The summer before DD made the move to Los Angeles, I had decided the time had come for me to move out of the minivan, for a couple of reasons. For one, it was 12 years old and I was growing tired of it, even though it still wasn't pressing too hard on that once-important 100,000 miles; after all, it was new enough that even 100,000 miles wouldn't roll the odometer over to a full row of zeroes. For another, except for an occasional trip to the hardware store to by goods for a new project, I really didn't have much use for a vehicle that big. In fact, by then SS was driving a Ford F150 pickup truck, and the hardware store didn't have anything I needed that wouldn't fit in a pickup truck. It was time to move on.

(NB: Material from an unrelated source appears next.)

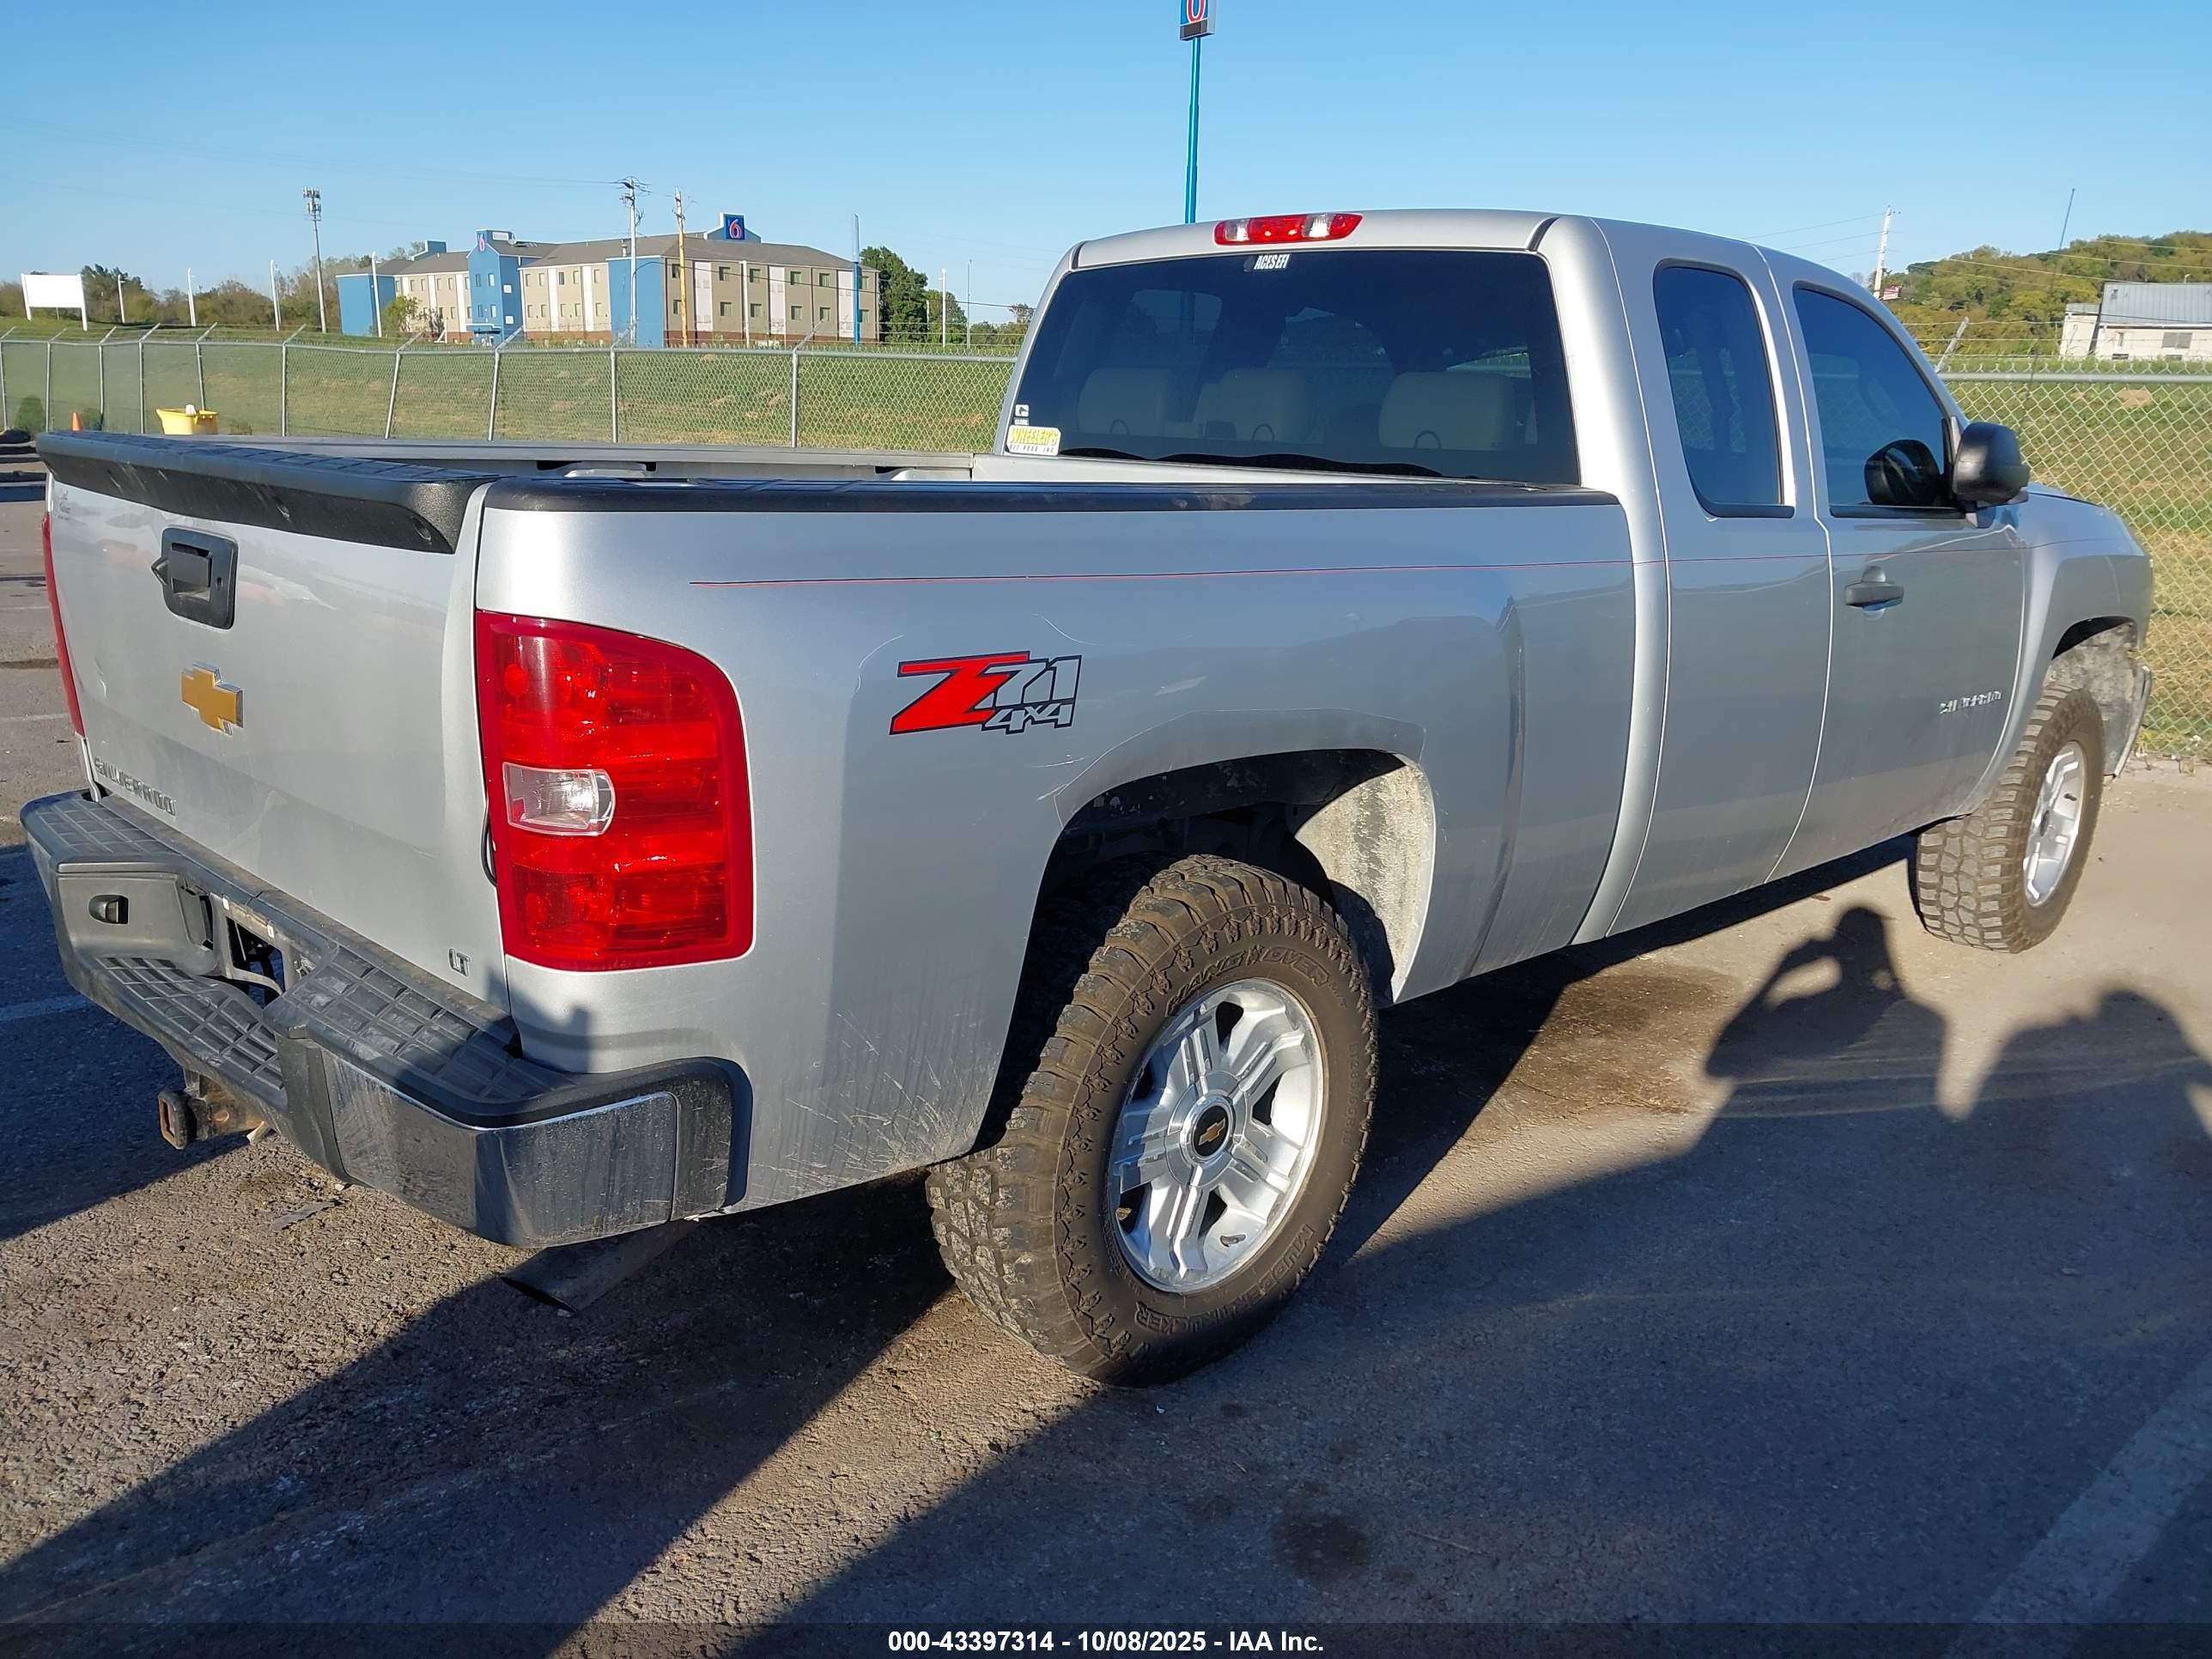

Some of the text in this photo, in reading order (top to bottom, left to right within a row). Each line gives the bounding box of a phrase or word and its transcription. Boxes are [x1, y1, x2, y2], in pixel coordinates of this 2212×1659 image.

[729, 218, 743, 240] 6
[94, 757, 177, 817] SILVERADO
[448, 948, 471, 977] LT

I was determined to do my homework, so I read the consumer guides, read the car columns, and test drove the likely candidates—a couple of Toyotas and a couple of Hondas. I had friends and family who were Honda devotees, but of the cars I drove, the Toyotas seemed to "fit" me better, and at the last minute I jumped ship from a loaded-out sporty version of Toyota's small Corolla to its slightly larger and more widely admired Camry. Even the very bottom of the line (the biggest one I thought I could swing financially) was so much more than I had dreamed of that I felt pretty classy; I had driven poor old Mallory for so long that I had no idea how many cool new amenities were available in even the barest of cars.
In fact, I was nervous enough about making such a big purchase that I had decided to let SS, who had bought his own pickup after graduation from high school, help me make the decision. I was down to the last few items when I realized that the Camry didn't seem to have automatic door locks, which were more important to me as a safety feature in parking lots at night than for any other reason. I swung by the McDonald's where he was working so I could quiz him on that when I finally realized that on the car I was driving, the doors locked as soon as I shifted into gear and didn't unlock until I told them to. This car had possibilities!
I bought Kelsey Camry in May, than DD came home from her first year of college and got a job delivering pizzas. There was no way I trusted Trixie to get her through pizza delivery, much less moving to Los Angeles. On a June business trip to Houston, I dropped into a Hyundai dealership to see if the cheap little Accents they offered would make me feel any better. The saleslady who helped me seemed to know where I was coming from, but she discouraged me from considering the Accent, pointing out advantages for a mom to putting her kid in the slightly larger—but only slightly more expensive—Elantra. The purchase itself was a crazy experience, but long story short was that DD drove home in Emma about 36 hours after I had first started to shop. Emma had 6,000 miles worth of pizza delivery before she hauled me and DD to Los Angeles a couple of months later and more than 75,000 miles when DD traded her in a few months ago on her own first car purchase, a brand-new Mini Cooper.
And I've made one more recent car purchase, too. Kevin Cavalier sits in front the house these days for NOS, who has moved back home to start junior college and try to buy himself a new lease on life. Kevin is a 2003 Chevy who's seen some long, hard miles, but NOS is trained as a mechanic and can at least keep the wheels going around for a while longer; at least, that's what I'm hoping. So maybe Kevin has some meaning for me that I hadn't expected, too. And maybe he's going to make himself a part of our little family of cars.
It was nice this evening to be reminded of the Pretty Car and Mokey. They, too, somehow got me here.